Closed shanleo2024 closed 1 month ago
@shanleo2024 Apologies for the lack of response. Internal ticket has been created to investigate this issue. Thanks!
Hi @shanleo2024, are you still experiencing this issue?
Hi @ppanchad-amd @schung-amd , We have found the root cause of this issue:
#if UCP_API_VERSION >= UCP_VERSION(1, 10)
mh->mem_type = (type == NCCL_PTR_HOST)? UCS_MEMORY_TYPE_HOST: UCS_MEMORY_TYPE_CUDA;
mmap_params.field_mask |= UCP_MEM_MAP_PARAM_FIELD_MEMORY_TYPE;
mmap_params.memory_type = mh->mem_type;
#endif
mh->mem_type will be set to UCS_MEMORY_TYPE_CUDA, not UCS_MEMORY_TYPE_ROCM, so UCX will tigger a hung error. Just change the UCS_MEMORY_TYPE_CUDA to UCS_MEMORY_TYPE_ROCM, then the plugin can be used successfully using UCX 1.17 You can have a test, and if it works, please feel free to close this issue. Thanks.
Thanks for the patch! It may be helpful if other users still wish to use this plugin.
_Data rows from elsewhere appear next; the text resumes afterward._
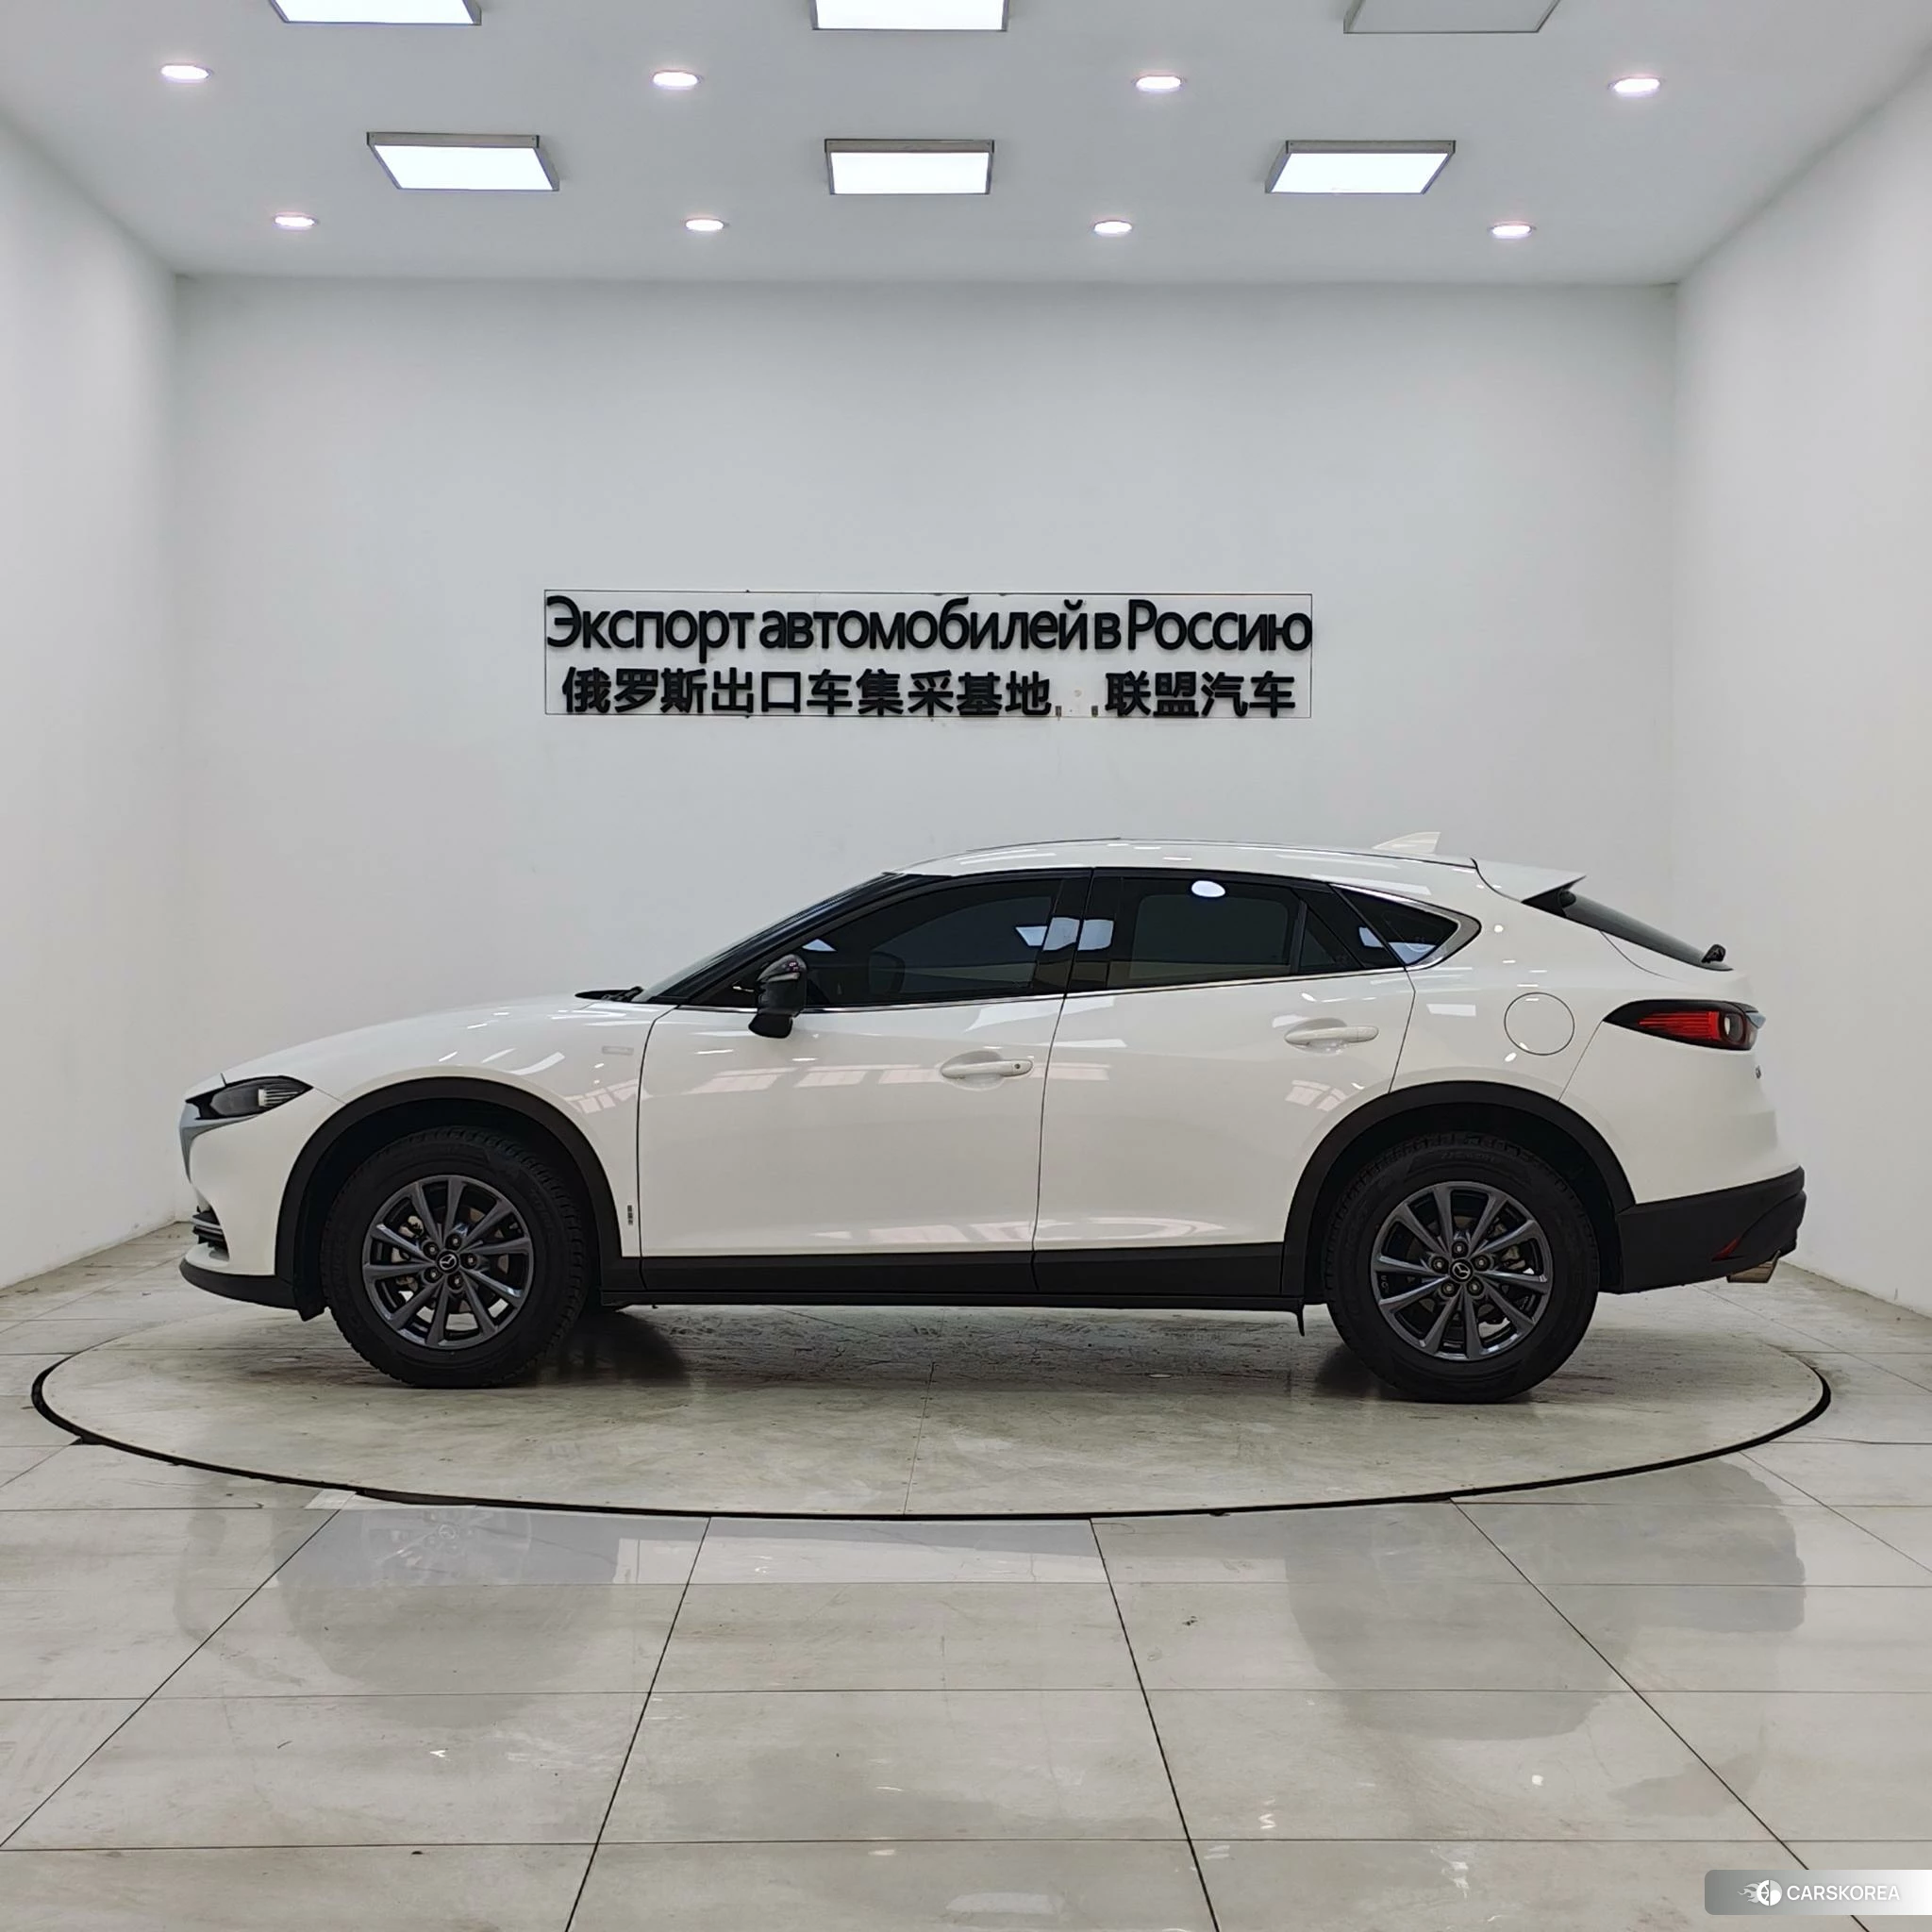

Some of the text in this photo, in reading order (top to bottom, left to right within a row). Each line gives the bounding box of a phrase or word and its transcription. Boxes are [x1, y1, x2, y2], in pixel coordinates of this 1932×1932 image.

[545, 595, 1313, 664] Экспорт автомобилей в Россию
[562, 666, 1296, 718] 俄罗斯出口车集采基地 联盟汽车
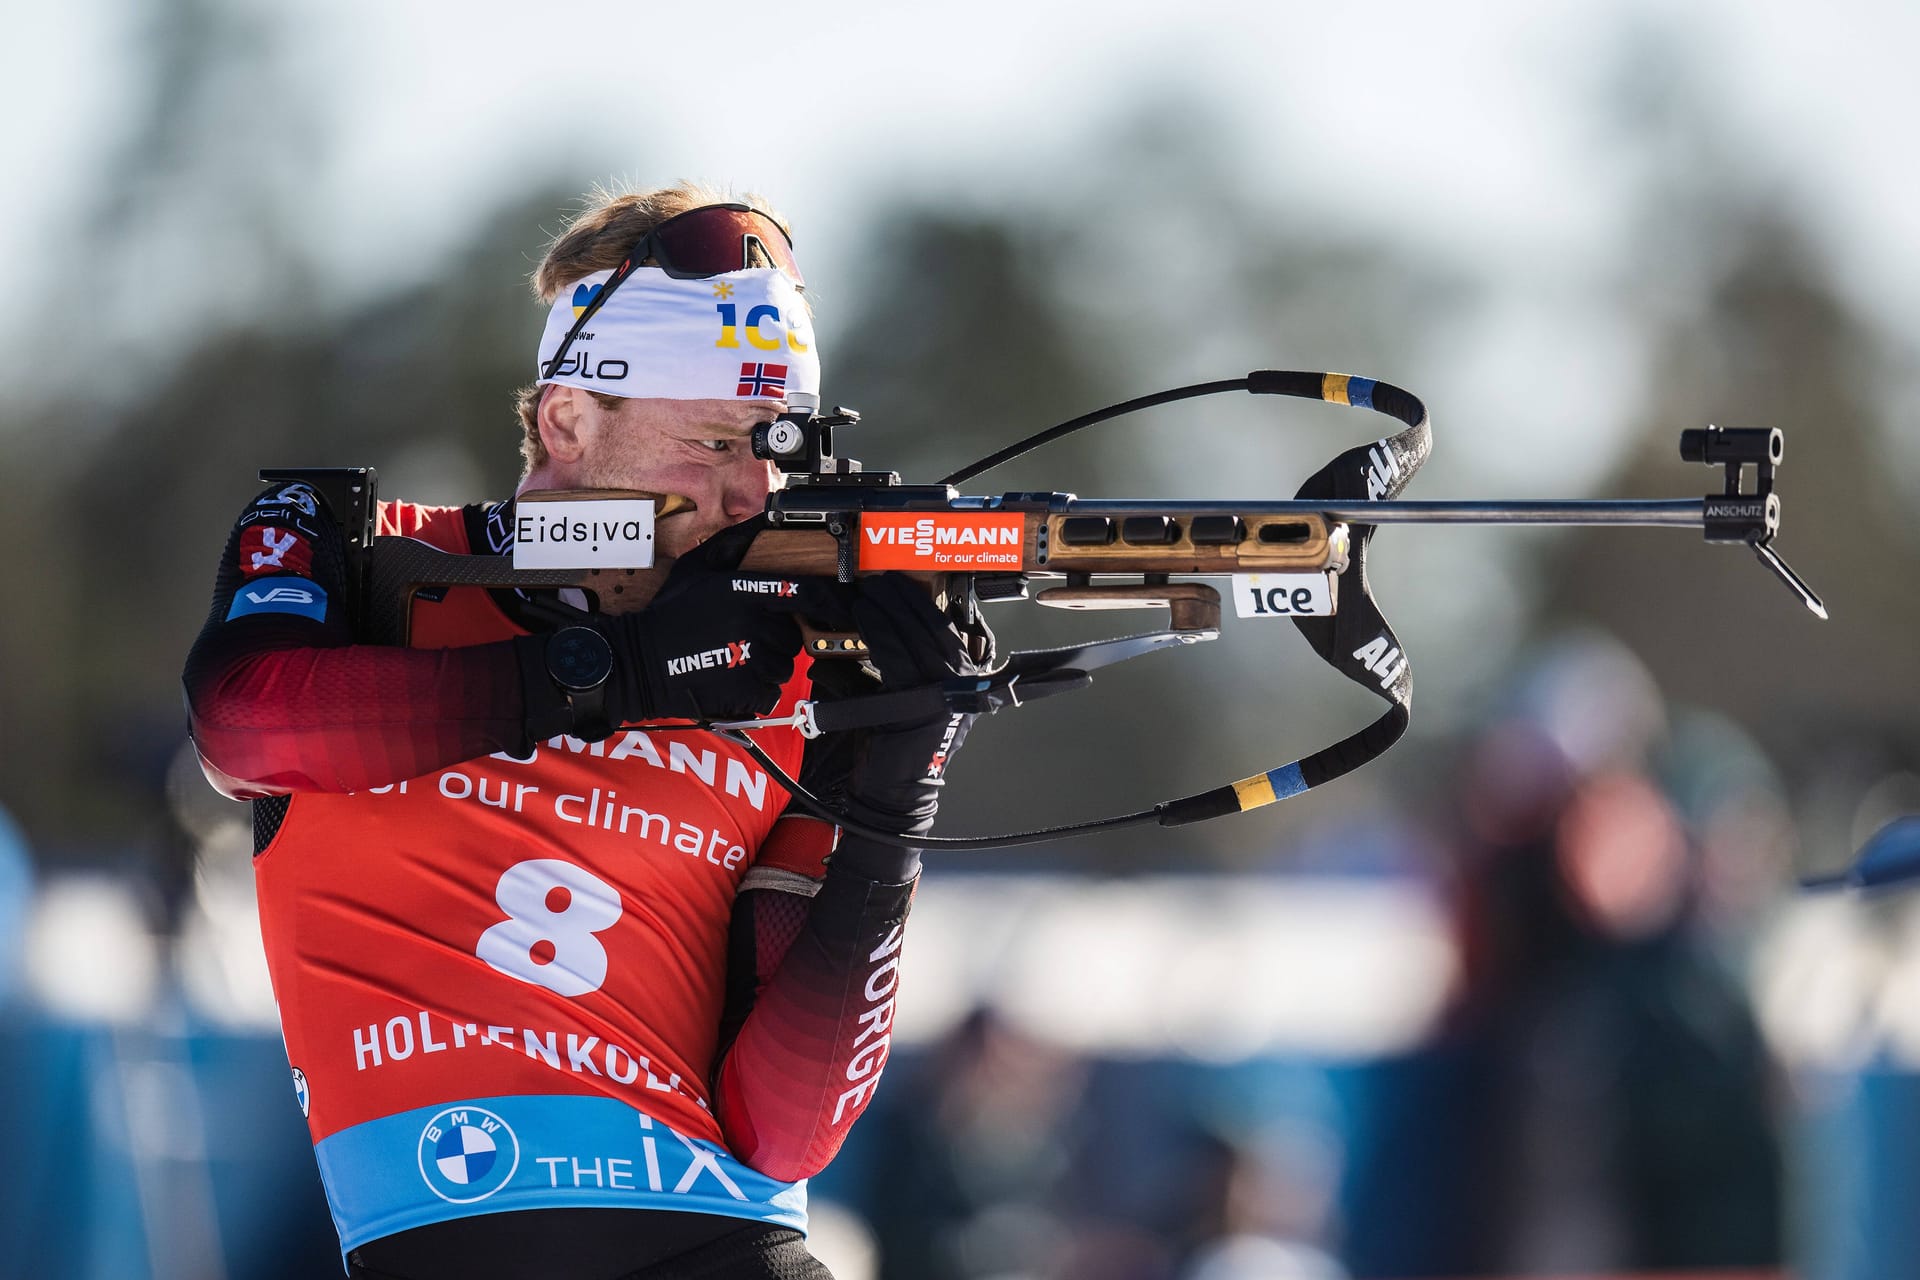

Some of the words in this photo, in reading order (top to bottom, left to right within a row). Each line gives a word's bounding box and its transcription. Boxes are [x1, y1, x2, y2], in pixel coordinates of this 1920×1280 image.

[865, 519, 1019, 556] VIESSMANN
[935, 552, 953, 563] for
[954, 554, 975, 563] our
[976, 552, 1018, 563] climate
[1250, 577, 1315, 614] ice
[439, 772, 539, 813] our
[554, 787, 746, 871] climate
[475, 858, 623, 998] 8
[426, 1111, 501, 1144] BMW
[536, 1157, 636, 1190] THE
I've spoken to the internal team and it looks like we might be deprecating this repo, but if we decide to continue support for it we'll look into your fix.
Noticed that the plugins hasn't been updated for more than one year, can this plugin work based on the latest RCCL and UCX 1.15.0? I have tested the pulgin on the latest RCCL and UCX 1.15.0, but it cannot work when running the rccl_test, the UCX will report an error like that: ucp_mm.c:855 Assertion `memh->md_map != 0' failed
I want to know how can we use UCX on the RCCL? Which UCX version can work with this the current plugin and RCCL version? Thanks a lot!!!